# cpufreq scaling doesn't work [reclosed]

## hug0

Hi, my cpufreq-info keeps saying:

```

hardware limits: 1000 MHz - 2.00 GHz

available frequency steps: 2.00 GHz, 1.67 GHz, 1.33 GHz, 1000 MHz

current policy: frequency should be within 1000 MHz and 1000 MHz.

```

The problem is, that I am not able to change the value of

/sys/devices/system/cpu/cpu0/cpufreq/scaling_max_freq

Suprisingly, it is working sometimes after a boot, but every time I plug / deplug the AC, it falls back to 1000.

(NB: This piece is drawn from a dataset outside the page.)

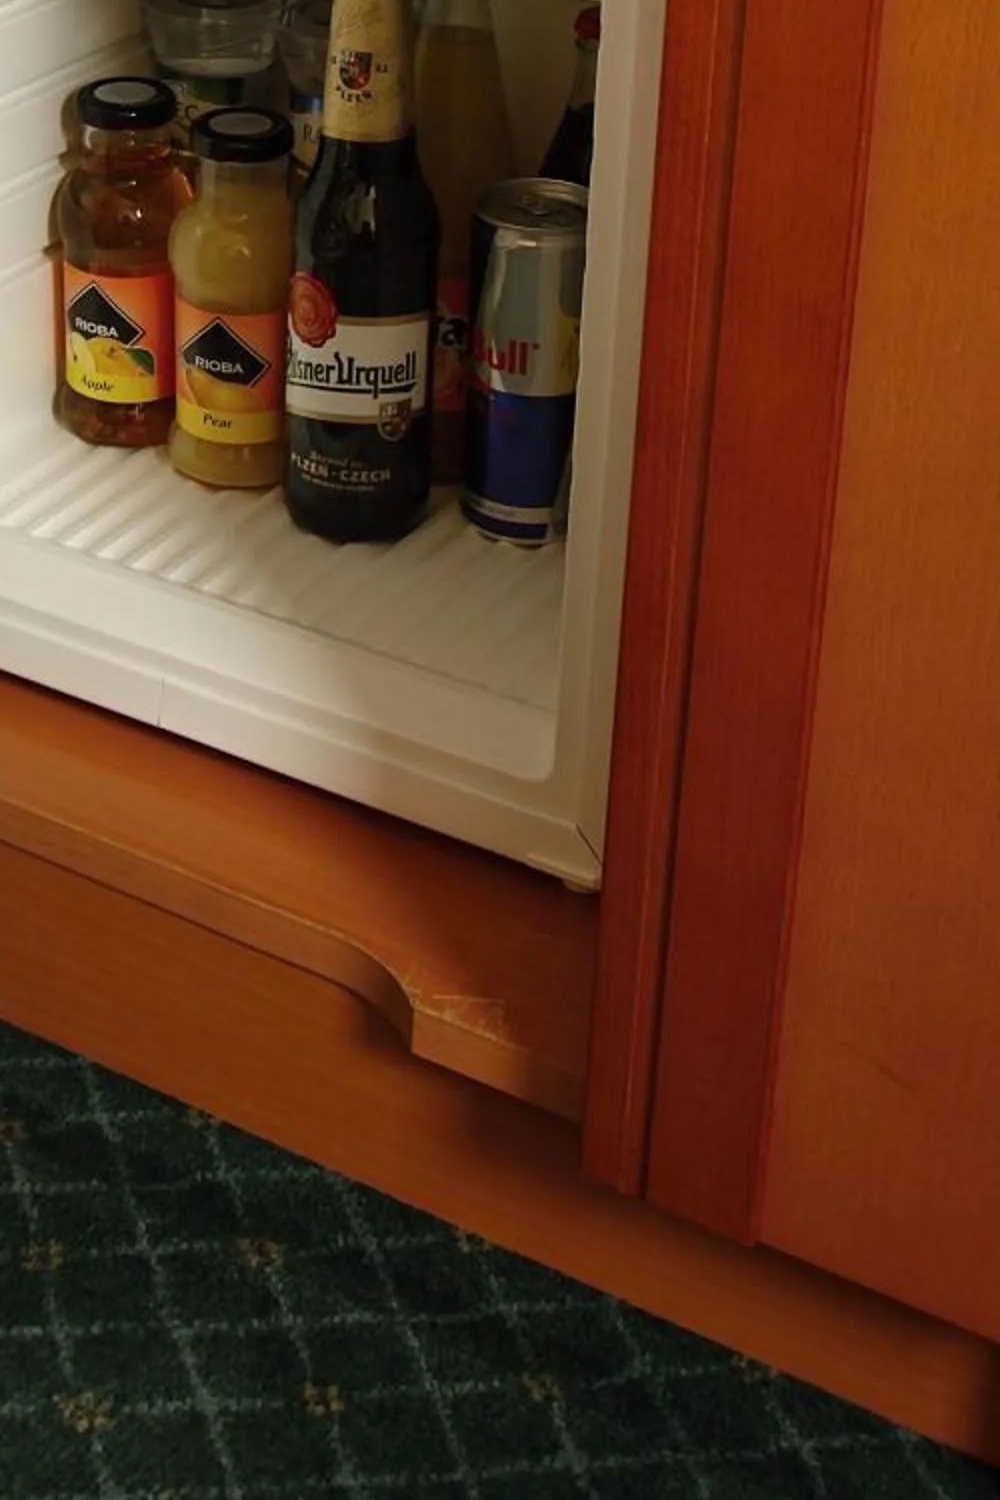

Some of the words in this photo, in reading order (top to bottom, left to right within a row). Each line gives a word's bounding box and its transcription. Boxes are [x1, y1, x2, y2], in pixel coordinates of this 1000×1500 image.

It seems to be gentoo related - On Knoppix 5.1 everything is working normal.

What I also discovered is, that everytime I plug the AC in, it is showing the correct 2000MHz upper frequenz - but only for a few seconds!

I tried a lot in the BIOS - without success. And Knoppix is the proof that my BIOS settings are fine.

I found a lot of people with the same or at least similar problems on the web, but no solution.

Some more infos about my system:

Thinkpad T60, kernel 2.6.20-suspend2-r6 or 2.6.19-r5

Thanks for any hints!

FlorianLast edited by hug0 on Mon Aug 06, 2007 10:14 am; edited 3 times in total

----------

## magowiz

You should check that theese options are enabled in your kernel under frequency scaling :

-CPU_FREQ

-at least one of the governors

-the appropriate driver for your cpu in frequency scaling

----------

## hug0

These points are ok!

I realized that it is working fine after a boot untill I change the powermode (plug in AC, remove AC...).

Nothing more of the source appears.